Canyon Farmers Market kicks off summer season
Tents, tables, and trailers filled the Canyon city square for the first Saturday of the Canyon Farmers Market’s 2021 season.
The east, west and south sides of the square were filled with vendors selling everything from baked goods, homestyle foods, crafted items and produce.
The market is expecting more than 90 vendors, its largest yet, during the summer season, and approximately 80 were present during the opening day, said Katie Kirkpatrick, market manager and board member with the Canyon Farmers’ Market.
Planning for this year’s edition began in January.
“To see it take up three sides of the square is just (fantastic),” Kirkpatrick said. “It’s so much bigger than we could have imagined it would be, and we are so thrilled on how it’s turned out.”
Among the more popular tents was the Palo Duro Bakery tent. TJ Greer ran the booth and sold freshly made cinnamon rolls, while his wife Jenna was the mastermind behind the cinnamon roll creation.
After prepping since Thursday, she’ll wake up as early as 1 in the morning to bake the treats so they’ll be as fresh as possible for the market.
“They’re still warm, they’re still fluffy and the frosting hasn’t crystalized at all, just like they came right out of the oven,” TJ Greer said.
From custom decorative wood or metal panels, handcrafted insulated cups to salsas and shirts, customers had a multitude of options to choose from and support local businesses.
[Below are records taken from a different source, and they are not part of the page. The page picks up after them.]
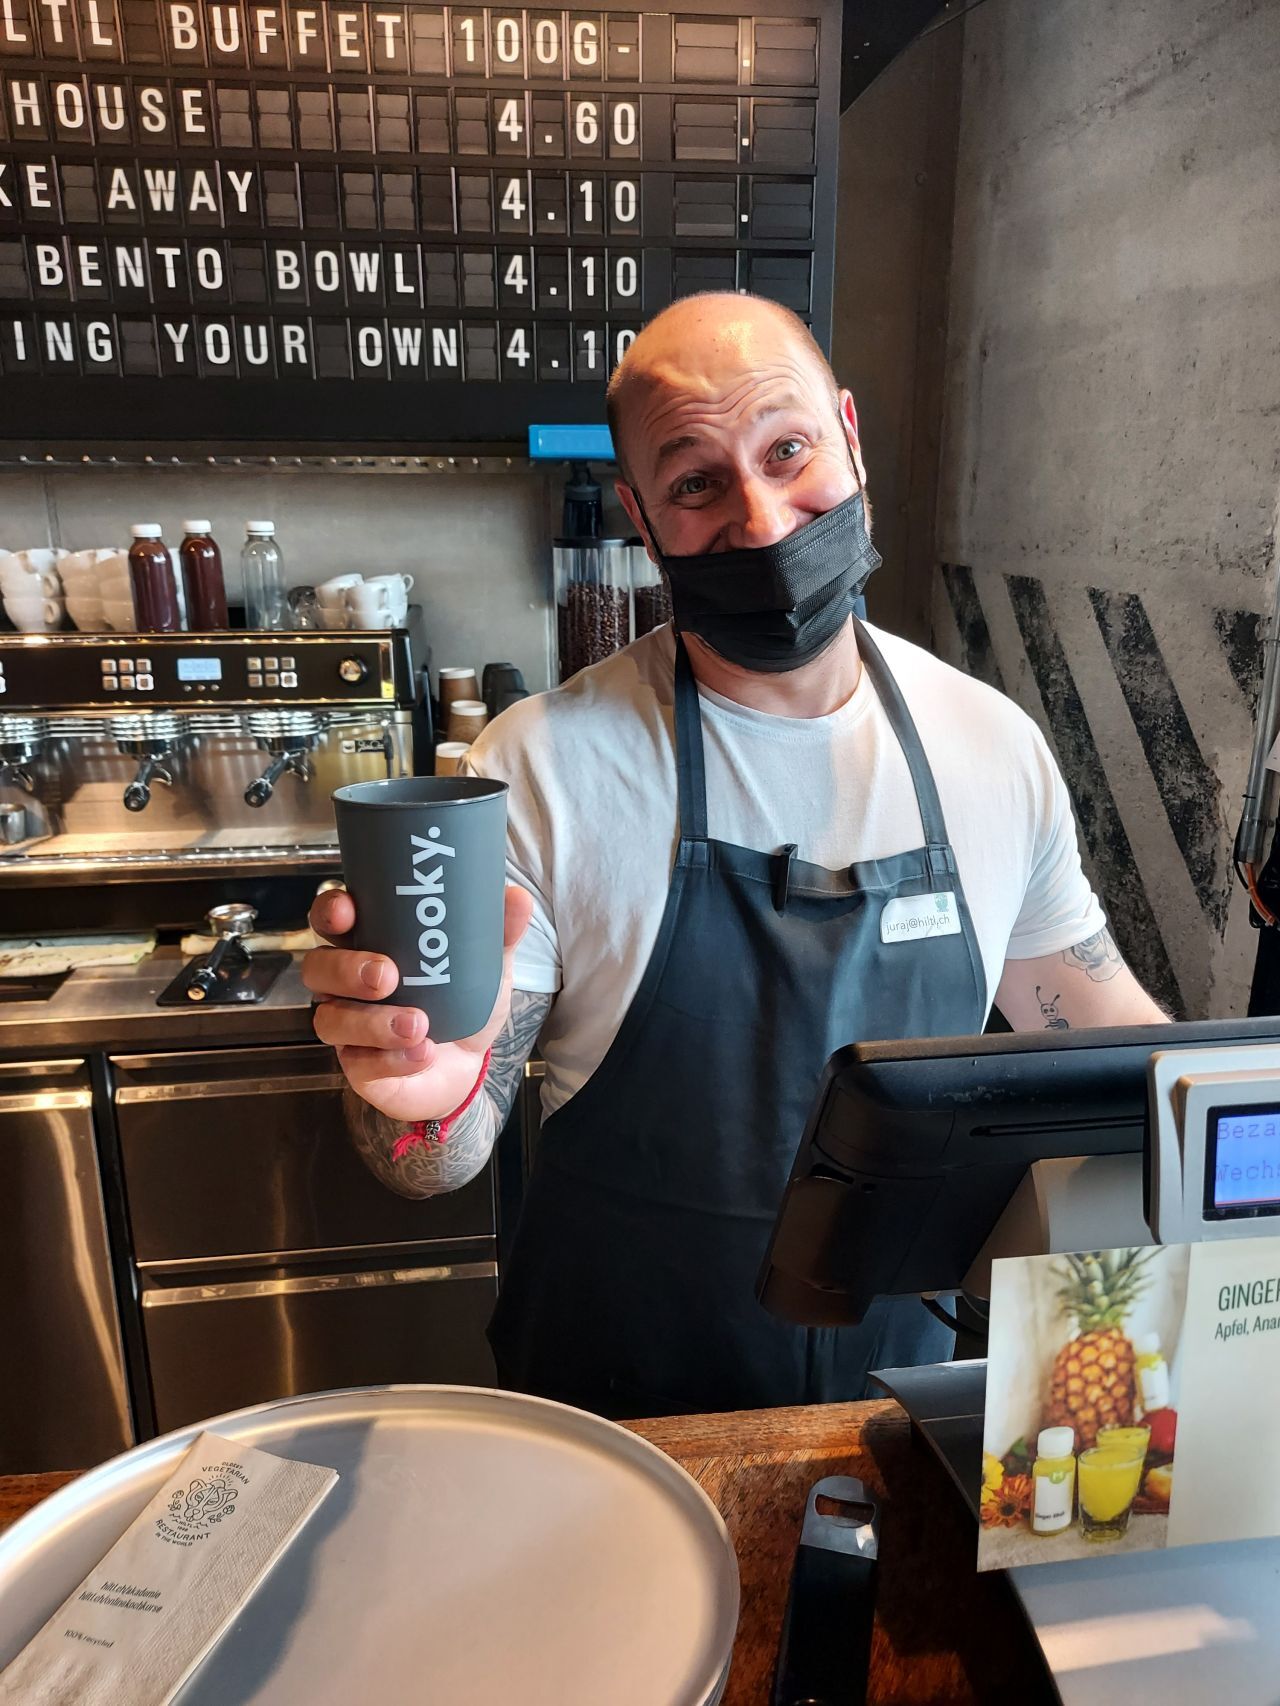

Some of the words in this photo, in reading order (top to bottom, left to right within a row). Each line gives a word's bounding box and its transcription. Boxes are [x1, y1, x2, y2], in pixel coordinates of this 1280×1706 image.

[3, 0, 113, 45] LTL
[172, 5, 401, 58] BUFFET
[11, 81, 206, 133] HOUSE
[498, 100, 636, 145] 4.60
[107, 168, 253, 213] AWAY
[501, 178, 636, 222] 4.10
[36, 245, 224, 290] BENTO
[276, 250, 415, 293] BOWL
[504, 255, 637, 297] 4.10
[13, 321, 113, 363] ING
[164, 323, 308, 364] YOUR
[358, 327, 458, 367] OWN
[395, 826, 456, 987] kooky.
[1217, 1122, 1280, 1140] Beza
[1214, 1317, 1250, 1342] Apfel,
[202, 1466, 250, 1485] VEGETARIAN
[155, 1519, 211, 1541] RESTAURANT
Matthey Mosley was at the event for the first time this year and was surprised by the turnout of people and support of the community. Mosley ran his stand of handcrafted woodwork for his business, Mosley and Daughters, and has been woodworking for 14 years.
Among his products were wooden benches, cutting boards, bottle openers and wine stoppers.
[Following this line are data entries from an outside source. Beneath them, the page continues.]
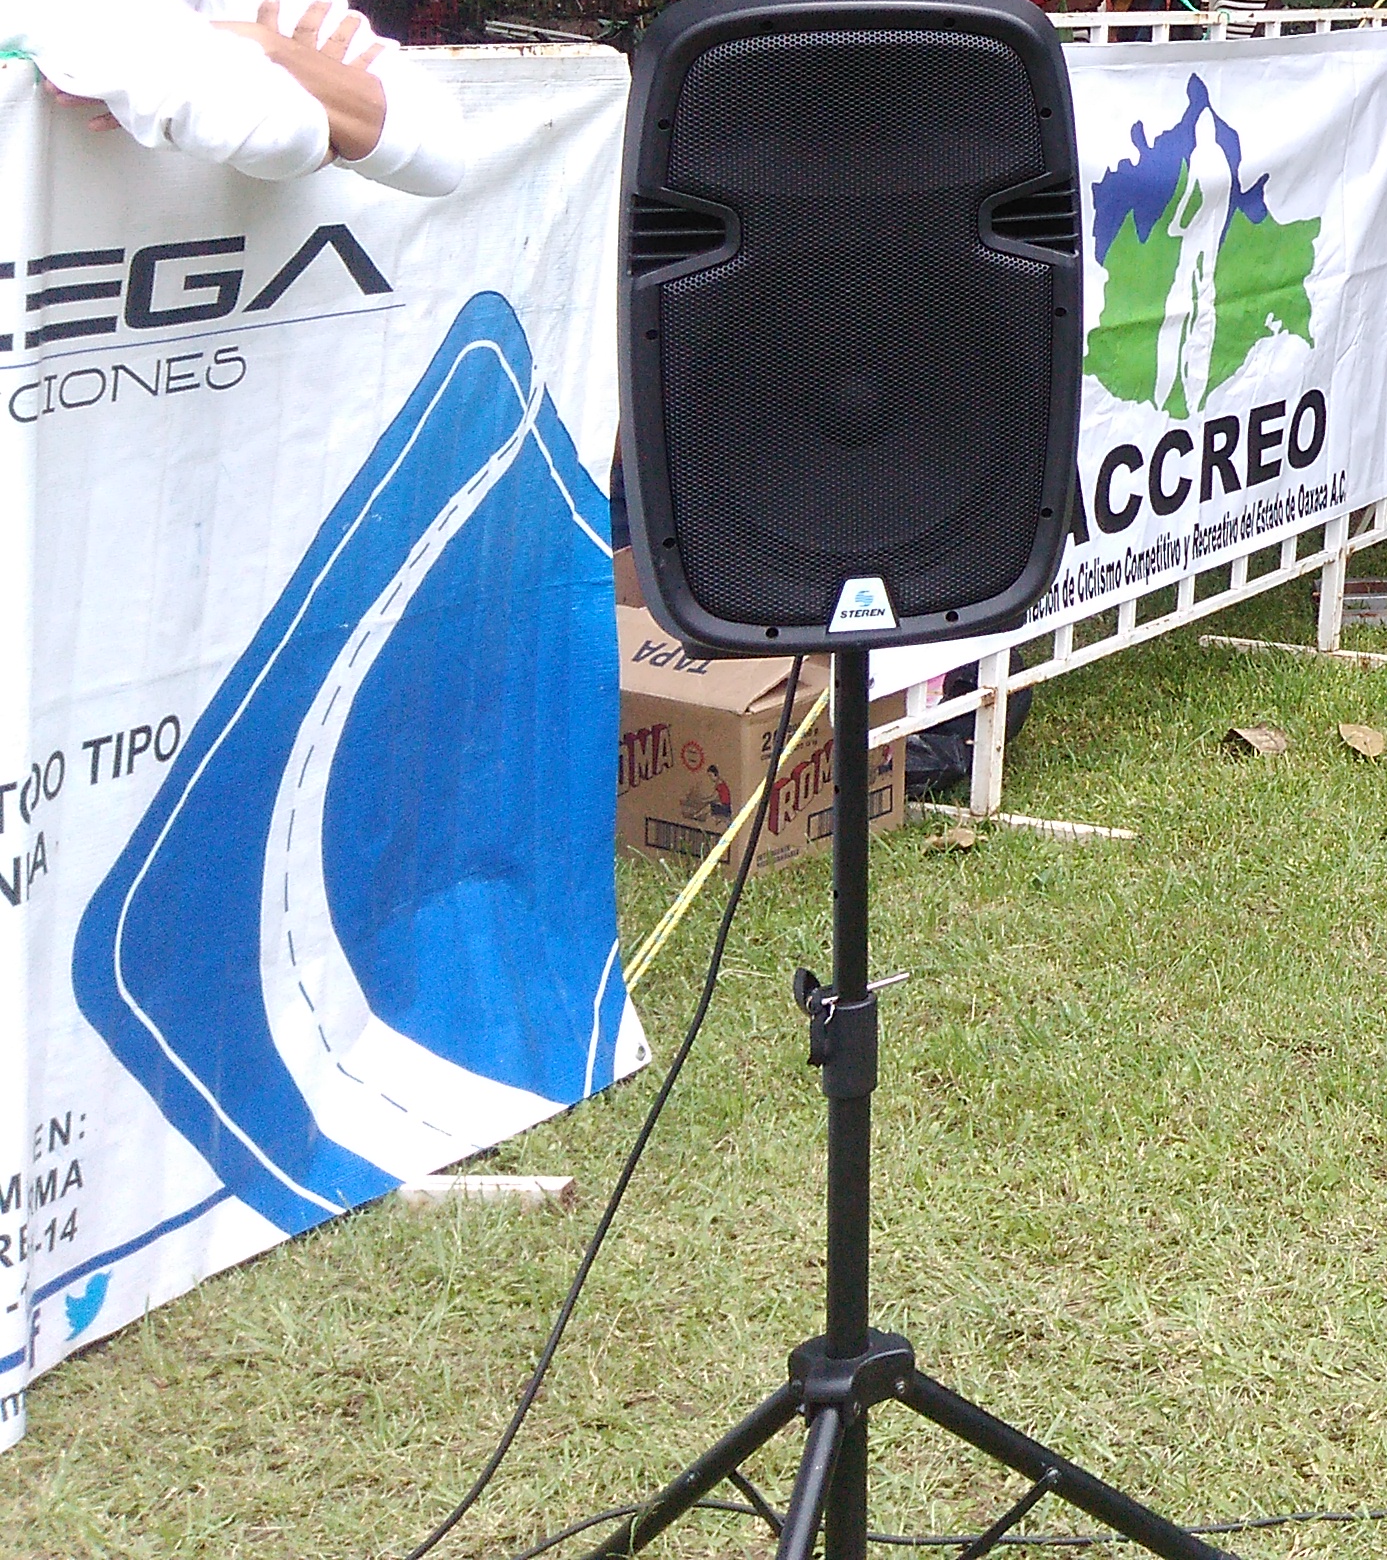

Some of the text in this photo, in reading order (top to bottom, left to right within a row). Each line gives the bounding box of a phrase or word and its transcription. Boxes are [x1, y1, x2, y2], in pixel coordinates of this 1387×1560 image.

[1062, 570, 1075, 608] de
[1077, 559, 1123, 603] Ciclismo
[1124, 532, 1182, 585] Competitivo
[1182, 533, 1191, 571] y
[1192, 511, 1239, 560] Recreativo
[1239, 503, 1256, 539] del
[1256, 493, 1284, 534] Estado
[1285, 491, 1297, 523] de
[1297, 483, 1329, 518] Oaxaca
[840, 608, 886, 619] STEREN
[631, 639, 710, 676] TAPA
[81, 714, 181, 786] TIPO
“Everybody’s been really welcoming; everybody seems to like all my pieces, especially the cutting boards and bottle openers have been the biggest hits,” Mosley said.
About half the vendors were for food and the other half were some sort of craft, Kirkpatrick said, a balance that coincidentally made the market more attractive to the community.
From the first market in 2014, which had about 20 vendors to nearly hitting the 100 mark this year, Kirkpatrick said the vendors and customers have helped the market grow so much.
“I think a lot of people appreciate the option to have something that’s definitely locally grown, to support those small businesses that do the homemade crafts, the home canning,” she said. “I’m really proud of where the market is now compared to where we started.”